[Start of Attachment]

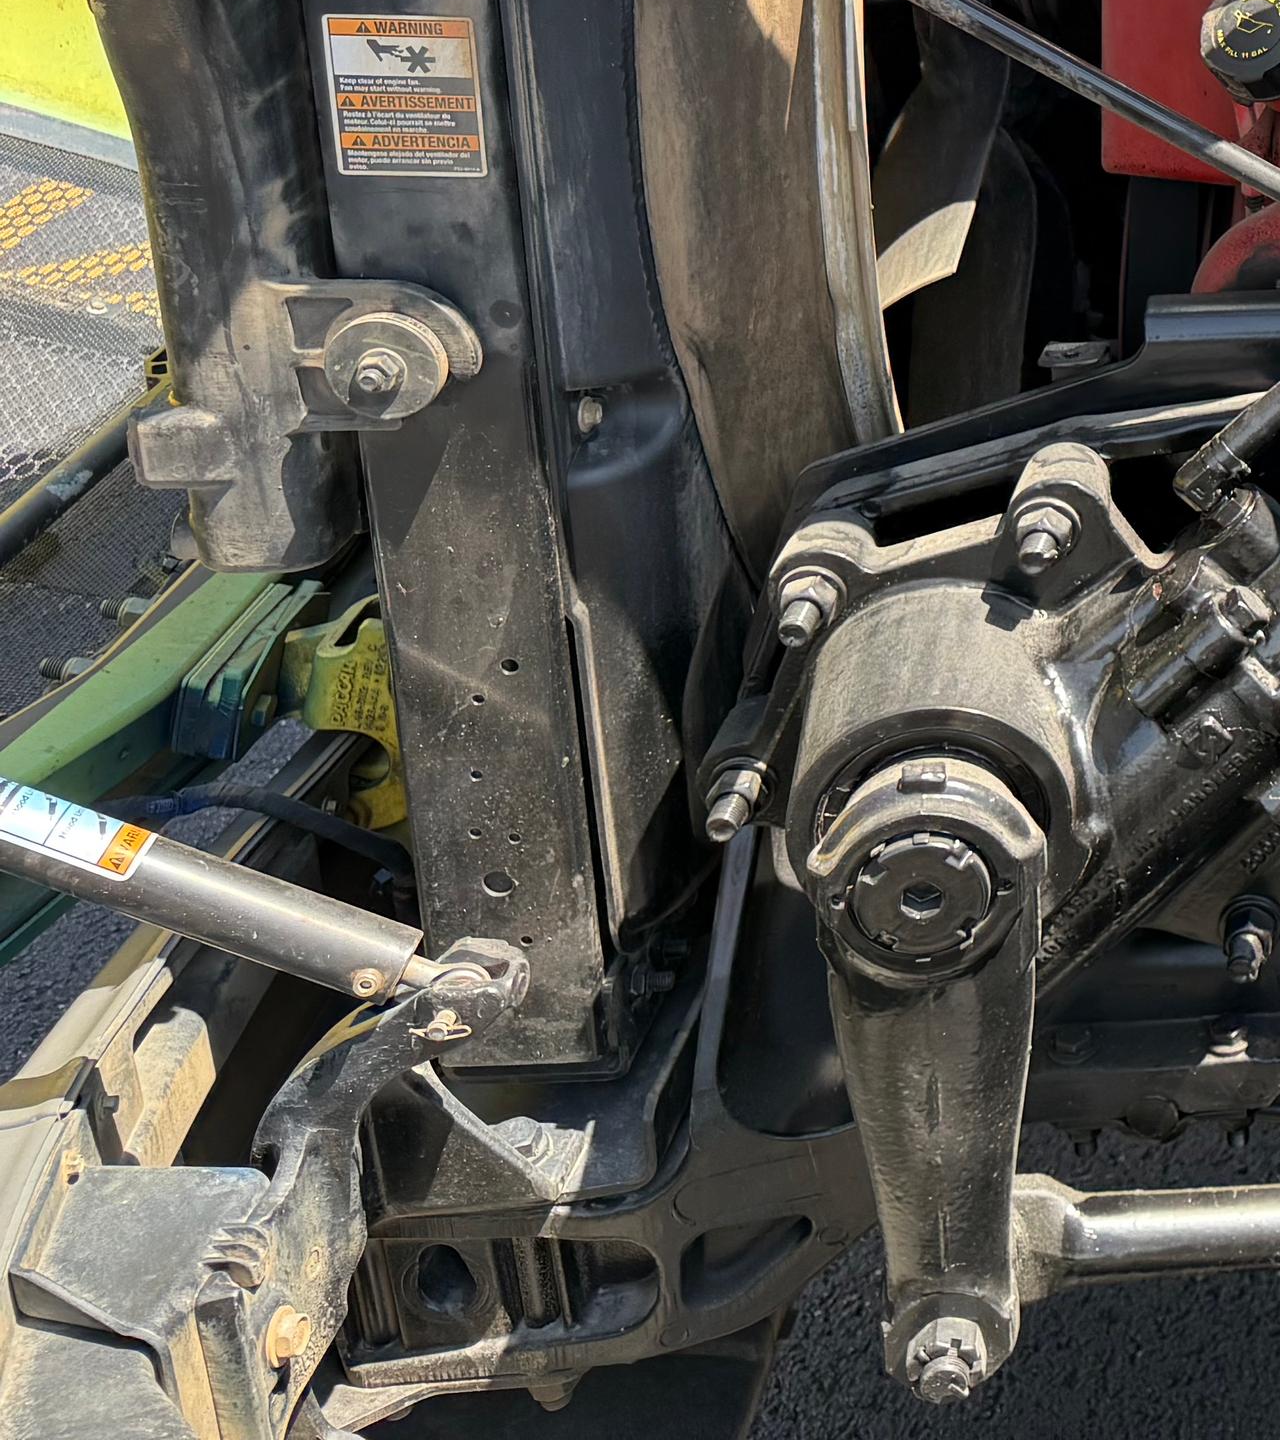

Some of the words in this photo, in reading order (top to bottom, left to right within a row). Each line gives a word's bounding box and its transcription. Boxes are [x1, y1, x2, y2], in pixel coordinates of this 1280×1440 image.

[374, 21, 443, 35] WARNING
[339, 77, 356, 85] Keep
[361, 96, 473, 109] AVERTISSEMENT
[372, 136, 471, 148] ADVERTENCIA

[End of Attachment]

TASK BRIEF
Set down each entry above word for word, without its pictures.

EXERCISE ANSWER
Some of the words in this photo, in reading order (top to bottom, left to right within a row). Each line gives a word's bounding box and its transcription. Boxes are [x1, y1, x2, y2], in pixel coordinates of this 1280×1440 image.

[374, 21, 443, 35] WARNING
[339, 77, 356, 85] Keep
[361, 96, 473, 109] AVERTISSEMENT
[372, 136, 471, 148] ADVERTENCIA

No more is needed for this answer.